N + 1 Select Revisited

I ran into an old problem the other day whose solution is common knowledge to even neophyte programmers, and is always used by default to make a database driven app more performant; but now it doesn't necessarily apply anymore, and I had to unlearn what I had always known to be true.

The problem: Suppose I have a table of books and a table of authors; and suppose I want all of the names of the authors of all of the books whose titles start with "A". The amateurish way to do this is the N + 1 Select:

select book_id from book where title like "A%"

then for each book_id

select name from author where book_id = ?

If I have 100 books that start with "A" (N = 100) then I have 101 queries (N + 1) to get my results.

Now suppose my database can return every query in constant time of 20 milliseconds. The above operation takes 101 * 20ms, which is 2020ms, or about 2 seconds. That's pretty bad, right? Right.

The "correct" way to do the above operation is with a join

select name from book, author where title like "A%" and book.book_id = author.book_id

As I said above, all of my queries return in constant time, so the above query gives me the correct results in 20 ms.
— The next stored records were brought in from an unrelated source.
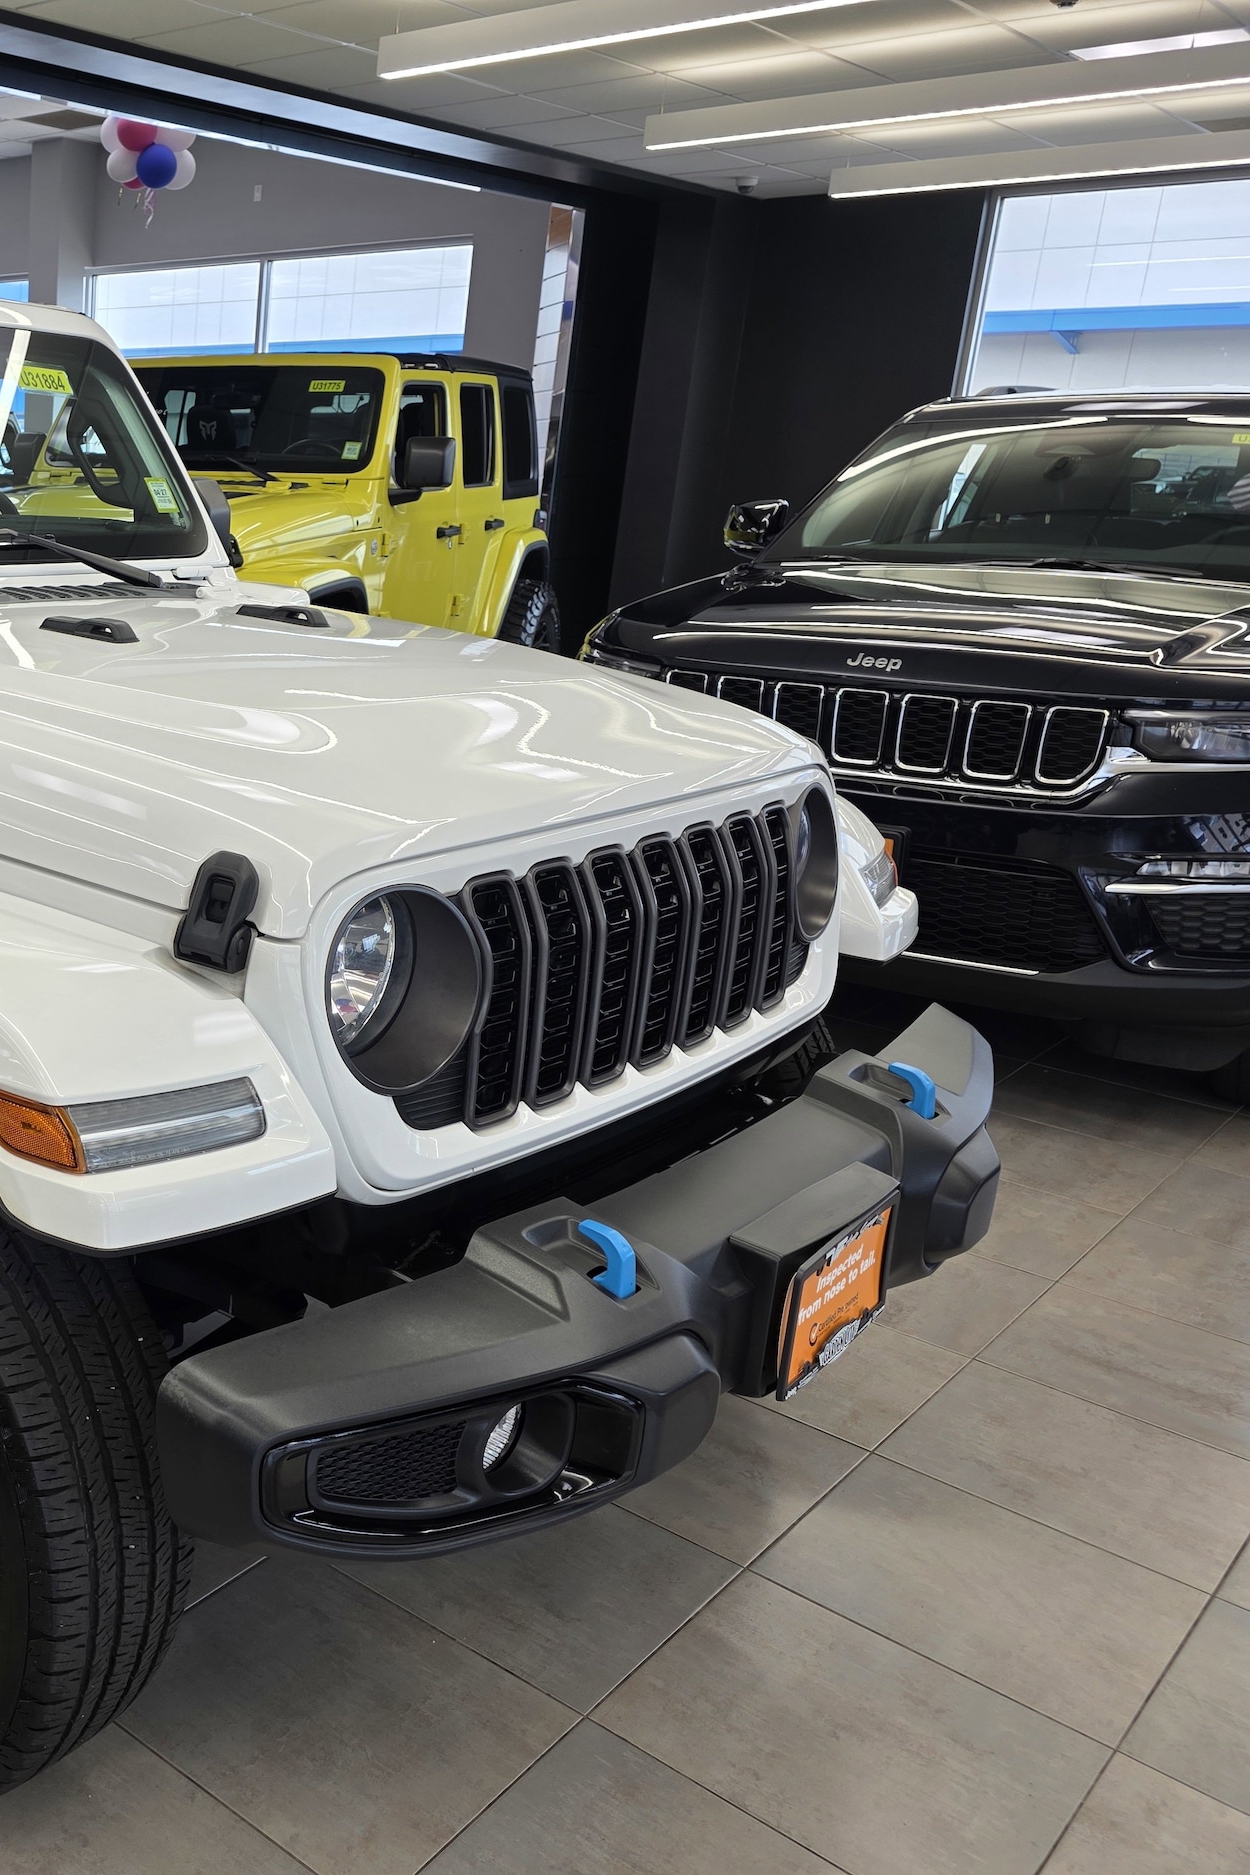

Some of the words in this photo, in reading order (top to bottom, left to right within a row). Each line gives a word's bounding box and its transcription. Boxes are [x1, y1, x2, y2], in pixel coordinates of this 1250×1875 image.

[21, 371, 66, 391] U31884
[312, 382, 341, 390] U31775
[1238, 435, 1250, 443] U
[846, 652, 903, 672] Jeep
[816, 1243, 864, 1294] Inspected
[797, 1300, 822, 1326] from
[823, 1281, 846, 1306] nose
[848, 1270, 858, 1285] to
[859, 1249, 876, 1274] tail.
[818, 1310, 837, 1332] Certified
But what if I could execute the "select name from author where book_id = ?" query for all of the books concurrently (all at the same time) with threads rather than serially (one after another). Each query still takes 20ms to return, but that 20ms is all at the same time, so really the total elapsed time of the N + 1 queries is 40ms, which isn't even in the same ballpark as the N + 1 queries executed serially. In fact it's more in the ballpark of the "correct" way.

The reason why we don't do this is because most database driven applications involve some sort of connection pooling, so your threads would have to block while waiting for a connection, and even if there were enough connections for one query, running two queries at the same time would completely stop your application, let alone 100 users browsing your app at the same time.
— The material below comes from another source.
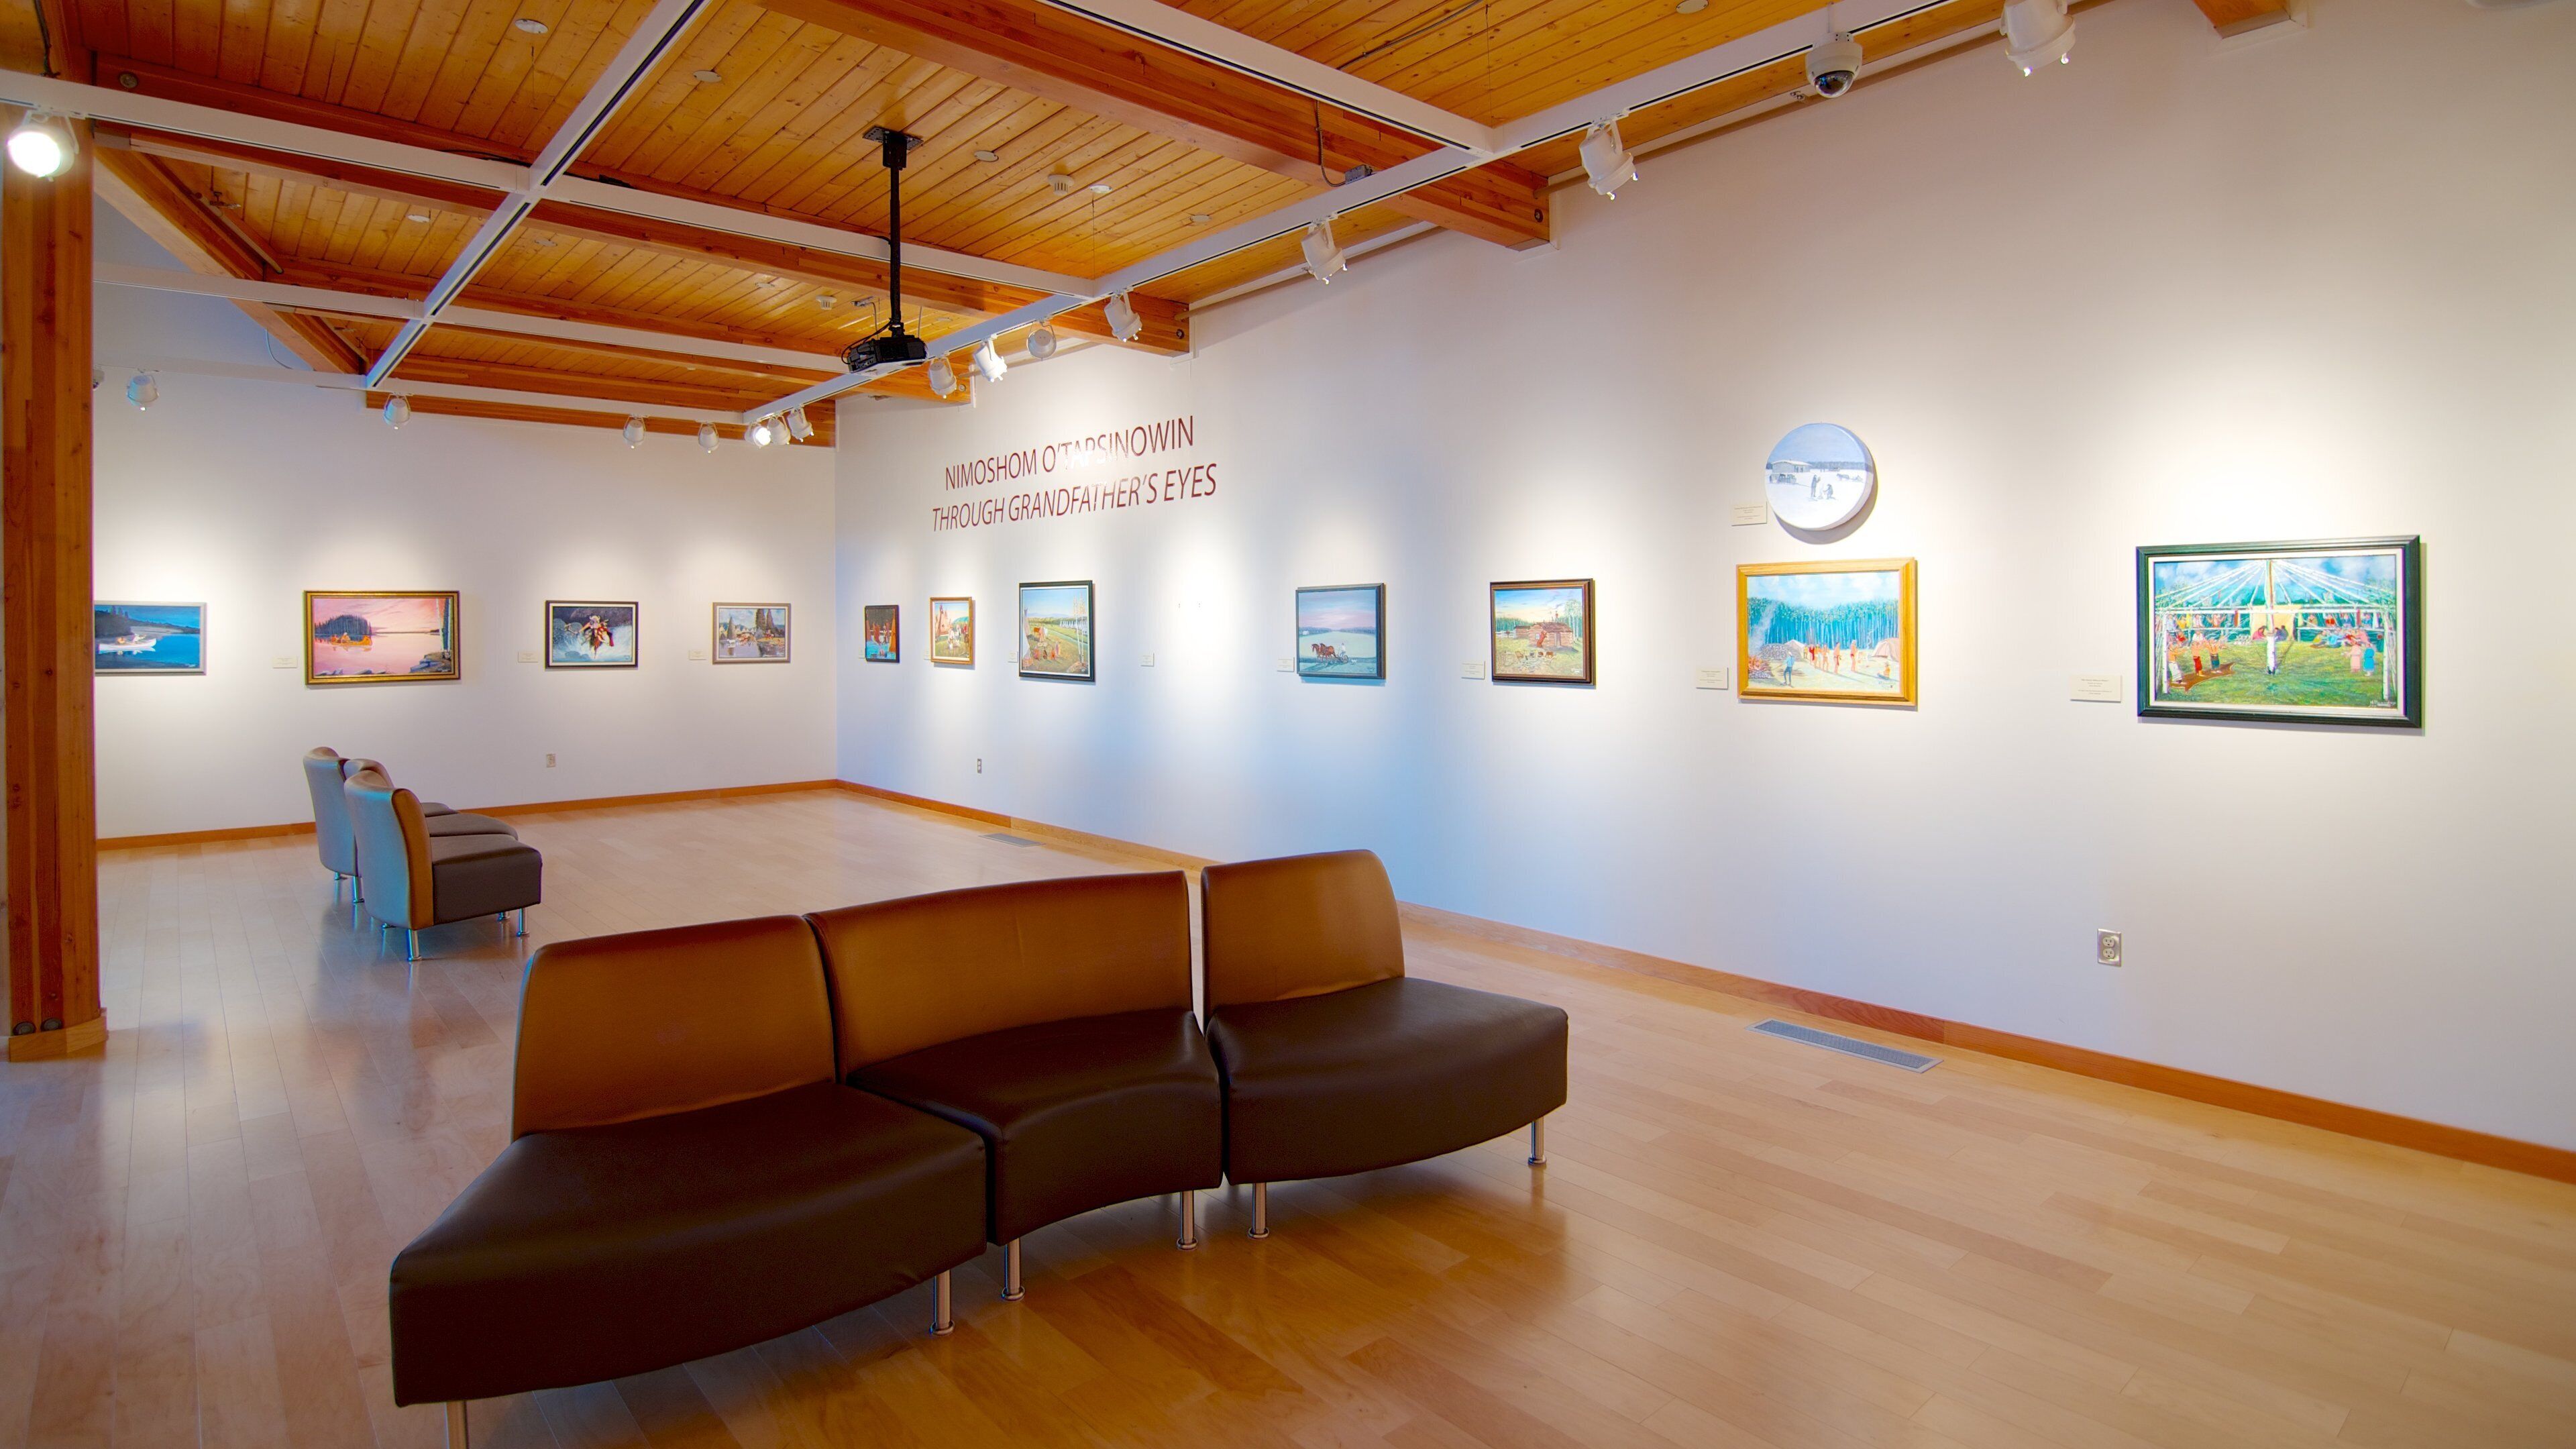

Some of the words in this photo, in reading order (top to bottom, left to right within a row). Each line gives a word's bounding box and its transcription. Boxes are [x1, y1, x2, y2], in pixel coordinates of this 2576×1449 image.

[932, 498, 1005, 532] THROUGH
[1008, 472, 1159, 522] GRANDFATHER'S
[1163, 463, 1218, 502] EYES
[945, 449, 1037, 491] NIMOSHOM
However, that's your typical database. Amazon's SimpleDB has no such limitations. All of the money on your credit card could not buy enough server power to make enough connections to SimpleDB to even phase it. It will simply plug along at the same speed no matter what you do. So when that media campaign hits you hard, the data side of your app keeps chugging along at the same speed it always did. Oh and SimpleDB is super redundant. There is no single point of failure. To get that with a typical database you have to cluster at least three of them together, and guess what happens then? Your database performance drastically drops when performing joins.

SimpleDB, as the above discussion indicates, does not have support for joins, so you must do N + 1 selects and compile your "joins" via concurrency. However, on multi-core processors, this type of behavior is encouraged because you get the most bang for your buck when processing concurrently.

This makes me wonder, "how many other things have I always held to be true, but were really just conditions of being carried out in serial?" The next decade is going to be interesting.